Vérifiez les documents correspondants : déclaration CE de conformité lorsqu’elle est requise, notice d’instructions en français et, pour un matériel d’occasion, documents prévus par son régime. Un logo CE visible ne suffit pas à établir la conformité. Faites examiner toute incohérence avant utilisation.

À quelle fréquence dois-je faire contrôler mes équipements de levage ?

Selon l’article 23, le principe est de douze mois pour les appareils soumis à l’article 22. Le délai est de six mois pour les appareils des II et III de l’article 20, ainsi que ceux mus autrement que par la force humaine directe et utilisés pour transporter des personnes ou élever un poste de travail. Pour les accessoires de levage, l’examen de conservation est de douze mois, et non six.

Attention, pour certains matériels spécifiques mus par la force humaine et servant à élever un poste de travail, le contrôle doit même être réalisé tous les 3 mois.
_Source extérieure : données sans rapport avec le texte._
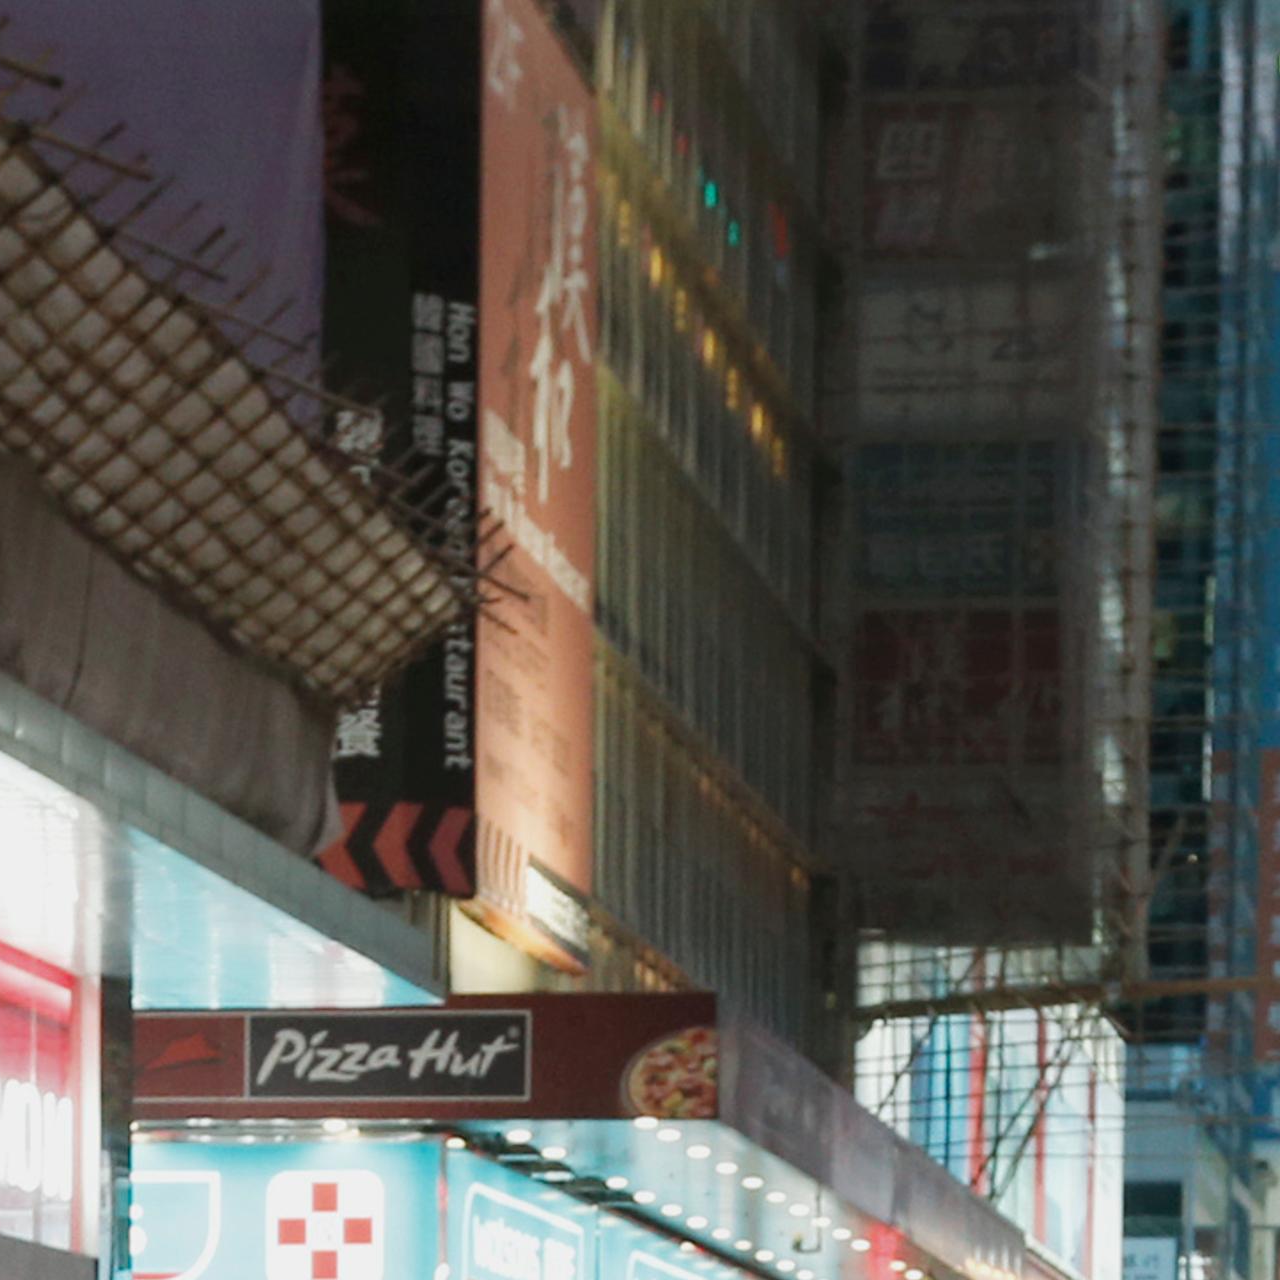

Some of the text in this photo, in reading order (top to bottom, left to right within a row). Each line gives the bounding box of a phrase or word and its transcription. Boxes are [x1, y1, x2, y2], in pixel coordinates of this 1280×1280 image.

[446, 302, 475, 362] Hon
[446, 381, 475, 421] Wo
[257, 1028, 520, 1085] Pizza Hut
Il n’existe pas de règle unique, il est donc crucial de vous référer à la catégorie exacte de votre engin.

Quels sont les documents obligatoires à présenter lors d’un contrôle de sécurité ?

Pour être en règle face à un inspecteur, vous devez tenir à jour un registre de sécurité. Conservez les rapports de vérification et tenez également à disposition le carnet de maintenance, la notice et les documents de conformité correspondant au régime du matériel.

N’oubliez pas non plus les documents relatifs aux opérateurs : les autorisations de conduite délivrées par le chef d’établissement et, selon la nouvelle réglementation, les attestations d’absence de contre-indication médicale. La traçabilité est votre meilleure alliée pour garantir la sécurité sur vos chantiers.

Que dois-je faire si un rapport de vérification signale une non-conformité ?

Si l’inspecteur détecte un danger grave, vous devez immédiatement mettre l’appareil hors service pour garantir la sécurité de vos équipes. L’équipement doit être immobilisé et clairement identifié comme interdit à l’utilisation jusqu’à sa réparation complète.

Une fois les réparations effectuées par une personne qualifiée, vous devez lever les observations du rapport. Dans certains cas, une contre-visite ou une vérification de remise en service sera nécessaire pour valider que le matériel est de nouveau apte à fonctionner en toute sécurité.